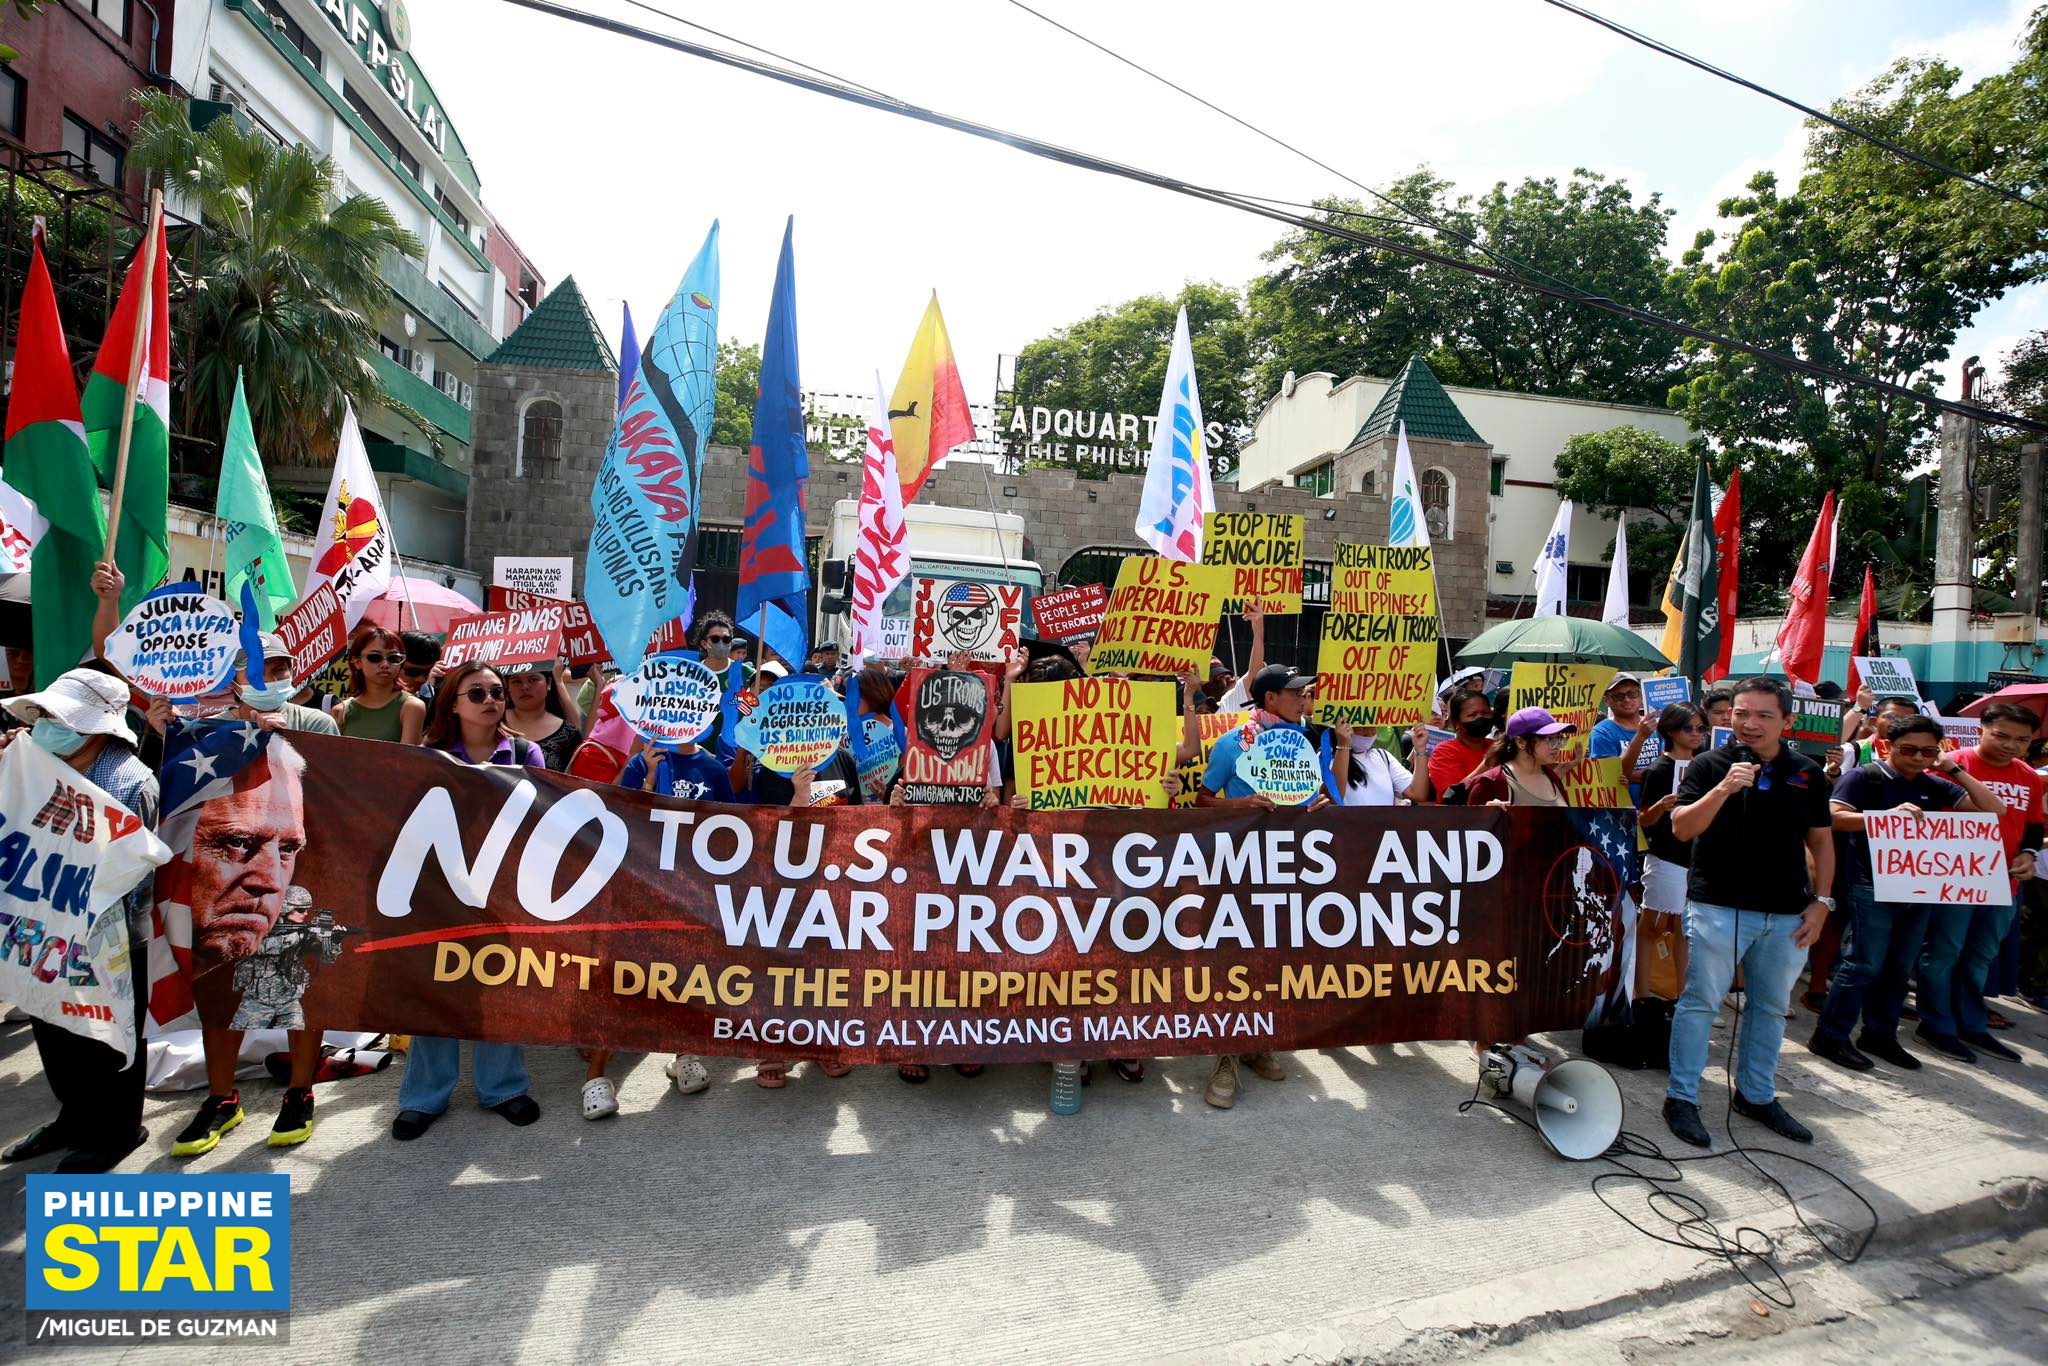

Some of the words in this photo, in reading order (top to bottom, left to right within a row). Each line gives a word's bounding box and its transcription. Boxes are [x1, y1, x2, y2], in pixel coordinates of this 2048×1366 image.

[968, 401, 1225, 450] HEADQUARTS
[1213, 512, 1263, 538] STOP
[1266, 514, 1294, 538] THE
[1202, 539, 1301, 567] GENOCIDE!
[1378, 546, 1431, 572] TROOPS
[505, 574, 562, 583] MAMAMAYAN!
[506, 568, 542, 576] HARAPIN
[544, 568, 562, 576] ANG
[927, 563, 951, 571] CAPITAL
[953, 566, 975, 574] REGION
[976, 568, 996, 577] POLICE
[1344, 569, 1371, 589] OUT
[1376, 571, 1392, 591] OF
[513, 580, 538, 589] ITIGIL
[540, 581, 555, 589] ANG
[140, 596, 207, 619] JUNK
[1034, 590, 1081, 610] SERVING
[1084, 585, 1102, 597] THE
[1106, 586, 1210, 617] IMPERIALIST
[1332, 590, 1428, 616] PHILIPPINES!
[293, 589, 339, 639] BALIKATAN
[452, 621, 481, 641] ATIN
[482, 617, 505, 637] ANG
[507, 606, 563, 635] PINAS
[881, 618, 898, 632] US
[913, 578, 935, 658] JUNK
[998, 585, 1021, 663] VFA!
[1039, 604, 1079, 625] PEOPLE
[136, 615, 183, 640] EDCA
[195, 615, 235, 635] VFA!
[1322, 613, 1399, 643] FOREIGN
[140, 632, 208, 652] OPPOSE
[504, 634, 550, 656] LAYAS!
[884, 634, 908, 647] OUT
[132, 646, 226, 666] IMPERIALIST
[512, 662, 533, 673] UPD
[1343, 645, 1382, 672] OUT
[1389, 645, 1410, 671] OF
[160, 663, 214, 680] WAR!
[643, 660, 719, 693] US-CHINA
[1868, 660, 1900, 677] EDCA,
[768, 685, 795, 703] NO
[804, 684, 826, 702] TO
[920, 679, 942, 709] US
[942, 676, 987, 714] TROOPS
[1063, 677, 1101, 712] NO
[1103, 677, 1132, 711] TO
[1314, 672, 1432, 702] PHILIPPINES!
[1864, 675, 1915, 693] IBASURA!
[635, 694, 721, 714] IMPERYALISTA
[768, 701, 830, 717] CHINESE
[1804, 701, 1841, 718] WITH
[649, 708, 703, 726] LAYAS!
[1195, 713, 1239, 741] UNK
[1793, 713, 1840, 735] STINE
[1017, 712, 1153, 753] BALIKATAN
[1257, 729, 1306, 749] NO-SAIL
[905, 746, 948, 783] OUT
[947, 744, 987, 783] NOW!
[1264, 746, 1299, 761] ZONE
[1270, 759, 1296, 769] PARA
[1298, 760, 1310, 769] SA
[1030, 746, 1169, 789] EXERCISES!
[1251, 765, 1270, 779] U.S.
[1031, 784, 1089, 810] BAYAN
[1256, 779, 1316, 792] TUTULAN!
[1982, 780, 2031, 800] ERVE
[32, 779, 96, 844] NO
[1866, 815, 2001, 842] IMPERYALISMO
[376, 778, 630, 922] NO
[649, 808, 754, 875] TO
[773, 821, 908, 884] U.S.
[930, 828, 1098, 889] WAR
[1111, 829, 1336, 889] GAMES
[1369, 829, 1504, 884] AND
[1939, 883, 1988, 904] KMU
[714, 884, 895, 952] WAR
[912, 889, 1462, 955] PROVOCATIONS!
[433, 940, 600, 990] DON'T
[612, 960, 755, 1006] DRAG
[767, 966, 852, 1008] THE
[862, 968, 1119, 1009] PHILIPPINES
[1130, 966, 1172, 1005] IN
[1182, 961, 1392, 1004] U.S.-MADE
[1402, 958, 1518, 995] WARS!
[712, 1016, 866, 1047] BAGONG
[875, 1015, 1073, 1048] ALYANSANG
[1083, 1011, 1275, 1043] MAKABAYAN

EXERCISE GOAL → Set the pictures aside and reproduce the data above exactly.

SOLUTION TO THIS EXERCISE →
Some of the words in this photo, in reading order (top to bottom, left to right within a row). Each line gives a word's bounding box and its transcription. Boxes are [x1, y1, x2, y2], in pixel coordinates of this 2048×1366 image.

[968, 401, 1225, 450] HEADQUARTS
[1213, 512, 1263, 538] STOP
[1266, 514, 1294, 538] THE
[1202, 539, 1301, 567] GENOCIDE!
[1378, 546, 1431, 572] TROOPS
[505, 574, 562, 583] MAMAMAYAN!
[506, 568, 542, 576] HARAPIN
[544, 568, 562, 576] ANG
[927, 563, 951, 571] CAPITAL
[953, 566, 975, 574] REGION
[976, 568, 996, 577] POLICE
[1344, 569, 1371, 589] OUT
[1376, 571, 1392, 591] OF
[513, 580, 538, 589] ITIGIL
[540, 581, 555, 589] ANG
[140, 596, 207, 619] JUNK
[1034, 590, 1081, 610] SERVING
[1084, 585, 1102, 597] THE
[1106, 586, 1210, 617] IMPERIALIST
[1332, 590, 1428, 616] PHILIPPINES!
[293, 589, 339, 639] BALIKATAN
[452, 621, 481, 641] ATIN
[482, 617, 505, 637] ANG
[507, 606, 563, 635] PINAS
[881, 618, 898, 632] US
[913, 578, 935, 658] JUNK
[998, 585, 1021, 663] VFA!
[1039, 604, 1079, 625] PEOPLE
[136, 615, 183, 640] EDCA
[195, 615, 235, 635] VFA!
[1322, 613, 1399, 643] FOREIGN
[140, 632, 208, 652] OPPOSE
[504, 634, 550, 656] LAYAS!
[884, 634, 908, 647] OUT
[132, 646, 226, 666] IMPERIALIST
[512, 662, 533, 673] UPD
[1343, 645, 1382, 672] OUT
[1389, 645, 1410, 671] OF
[160, 663, 214, 680] WAR!
[643, 660, 719, 693] US-CHINA
[1868, 660, 1900, 677] EDCA,
[768, 685, 795, 703] NO
[804, 684, 826, 702] TO
[920, 679, 942, 709] US
[942, 676, 987, 714] TROOPS
[1063, 677, 1101, 712] NO
[1103, 677, 1132, 711] TO
[1314, 672, 1432, 702] PHILIPPINES!
[1864, 675, 1915, 693] IBASURA!
[635, 694, 721, 714] IMPERYALISTA
[768, 701, 830, 717] CHINESE
[1804, 701, 1841, 718] WITH
[649, 708, 703, 726] LAYAS!
[1195, 713, 1239, 741] UNK
[1793, 713, 1840, 735] STINE
[1017, 712, 1153, 753] BALIKATAN
[1257, 729, 1306, 749] NO-SAIL
[905, 746, 948, 783] OUT
[947, 744, 987, 783] NOW!
[1264, 746, 1299, 761] ZONE
[1270, 759, 1296, 769] PARA
[1298, 760, 1310, 769] SA
[1030, 746, 1169, 789] EXERCISES!
[1251, 765, 1270, 779] U.S.
[1031, 784, 1089, 810] BAYAN
[1256, 779, 1316, 792] TUTULAN!
[1982, 780, 2031, 800] ERVE
[32, 779, 96, 844] NO
[1866, 815, 2001, 842] IMPERYALISMO
[376, 778, 630, 922] NO
[649, 808, 754, 875] TO
[773, 821, 908, 884] U.S.
[930, 828, 1098, 889] WAR
[1111, 829, 1336, 889] GAMES
[1369, 829, 1504, 884] AND
[1939, 883, 1988, 904] KMU
[714, 884, 895, 952] WAR
[912, 889, 1462, 955] PROVOCATIONS!
[433, 940, 600, 990] DON'T
[612, 960, 755, 1006] DRAG
[767, 966, 852, 1008] THE
[862, 968, 1119, 1009] PHILIPPINES
[1130, 966, 1172, 1005] IN
[1182, 961, 1392, 1004] U.S.-MADE
[1402, 958, 1518, 995] WARS!
[712, 1016, 866, 1047] BAGONG
[875, 1015, 1073, 1048] ALYANSANG
[1083, 1011, 1275, 1043] MAKABAYAN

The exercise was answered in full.